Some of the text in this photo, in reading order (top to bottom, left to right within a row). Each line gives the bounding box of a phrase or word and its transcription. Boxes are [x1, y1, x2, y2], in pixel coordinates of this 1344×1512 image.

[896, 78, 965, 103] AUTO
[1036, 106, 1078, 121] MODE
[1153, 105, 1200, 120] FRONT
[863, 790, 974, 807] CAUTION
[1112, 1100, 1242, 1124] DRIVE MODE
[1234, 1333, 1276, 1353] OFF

+-------+

● **Requirement**
Print out the entire listing. Keep every line exact.

● **Response area**
Some of the text in this photo, in reading order (top to bottom, left to right within a row). Each line gives the bounding box of a phrase or word and its transcription. Boxes are [x1, y1, x2, y2], in pixel coordinates of this 1344×1512 image.

[896, 78, 965, 103] AUTO
[1036, 106, 1078, 121] MODE
[1153, 105, 1200, 120] FRONT
[863, 790, 974, 807] CAUTION
[1112, 1100, 1242, 1124] DRIVE MODE
[1234, 1333, 1276, 1353] OFF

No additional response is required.